Hi Charlie, So the saga continues with my dr 125 sm efi. I've realised I have an intermittent electrical fault. Sometimes when I move the tank to see a bit better it appears the fuel pipe is rubbing against the wires for the efi solenoid. The ignition won't come on but when I move the tank,hey presto. I've already had to do a repair on the stator cable! Getting dark now, I think I'll have another poke at it tomorrow and try and bodge a repair,the plug is the resin filled type to stop water ingress,I do think it may be broken inside so this may be enough to turn over but also enough to throw the cdi into a wobble and stop spark because it thinks there's no fuel! We'll see I'll get back soon. 👍🏻
@@motorcyclerescuer Lots firsty is cannot dyno tune unless have master software dont mistake for free one not the same easy or booster plugs do same gain I only had evo as I had full leovince (still have midpipe for sale) but later removed and my current exhaust is all stock apart from decat and drilled out rear baffle but if doing air box mods full exhausts etc torque is all you are really going to gain even more on 125s I sometimes think it was faster when I road out of premierbikes and home but i think down to confidence and well need bigger bike lol But having a blast every day so why bother
@@motorcyclerescuer Ive only every heard good things for the powertronic both self adapt and software they also have a reputation with KTM But all my experinces and waste of money has been down it only being a 125 although fully derestricked now still only a 125 lol so im sure will be different with bigger bikes
😂 we all did this with our learner bikes, trying to make them go faster ie big bore kits to 180cc etc. Yet we never thought about upgrading the brakes lol. Think its time Rabjab got his big bike licence, it'll be cheaper in the long run.

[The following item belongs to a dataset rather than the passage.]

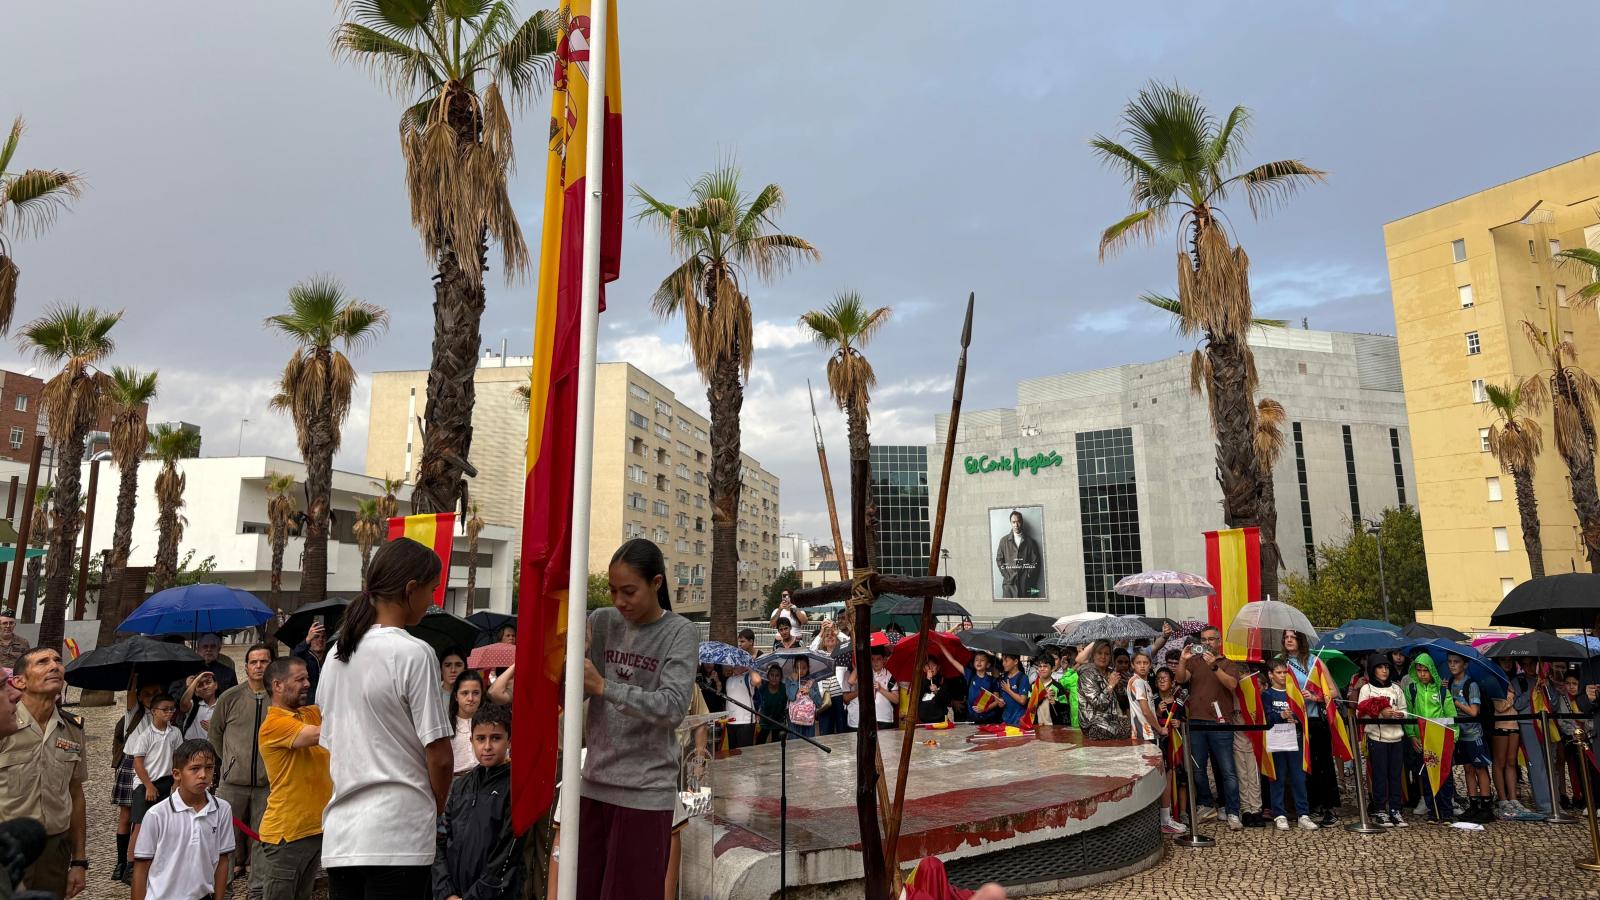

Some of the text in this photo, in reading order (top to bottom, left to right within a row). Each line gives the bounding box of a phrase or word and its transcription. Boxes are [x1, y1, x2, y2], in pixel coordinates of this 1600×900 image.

You have to be quick enough to pull the brake lol. Honestly I don't think it's added power I think it's just richened the mixture to save his piston. But yes big test would he good. It takes him years to ever follow through with anything
Thanks for the video mate ,were the settings on the instructions correct for the slip on exhaust and air box mod or did you have to adjust them ? I've got one and not too sure ,any info is appreciated ,thanks 😊
Hi Robert, the settings I gave were for the exhaust change and high flow filter. If you put a open lid on then you would change the settings. But for full exhaust and high flow filter the settings are what I gave. Hope this helps
@motorcyclerescuer thanks mate have you got a link to where it has the settings for various mods ? The settings for mine in the instructions are 6 on the settings trimmer and +2 for fuel ,what would u recommend for the slip on and the less restricted air box lid with the foam attached and stock air filter? Cheers 😃
I've heard bad things about the lid. Its actually to much air. You will lose power if you use that lid. If you do you will need the fuel at max to counter for it however your rapid bike easy only adjust for the idle and up to 2 or 3k revs. This means when you are riding at higher revs your bike will still be very lean. Your engine could over heat and blow. So my advice would be to use the in box high flow filter and exhaust with the base settings for best running. The setting they told you to use is the setting for exhaust and in box filter.
There are good versions of the lid but there has been many people who's has broke. A few where the filter element was sucked through the engine. So I would avoid the lid myself. You will feel a difference with the exhaust and in box high flow filter. It will pull away quicker and feel smoother
Hi Steve, I've tried every trick in the book with holes in tanks and none worked. All the special puttys etc. Your best bet would be to drain it fully, air it out and get a spot of weld on or some sort of tinning I believe. Sorry I can't be more helpful here mate
I wouldn't I'm afraid. To much can go wrong with these big bore kits. Even if they fit and it starts they don't always last very long. I would suggest an original bore for your bike
@@motorcyclerescuer I know they don't last long mate, I've had 2 strokes and have fitted them myself I'm just not comfortable doing it on four strokes. Do you know what I'd need to change to put a vespa lump in it then? Is it just the stator and flywheel or would I need to change the loom? Thanks anyway
You shouldn't need to change the loom actually, the only difference may be the stator wires but you could just wire them up working out the colours. It should be fairly simple to drop another engine in
@@motorcyclerescuer I've been looking for older ones before they went to fuel injection because I don't know how to convert them to carb but been worried about needing other things that's why I wanted a 200 vxr engine as it would be plug and play.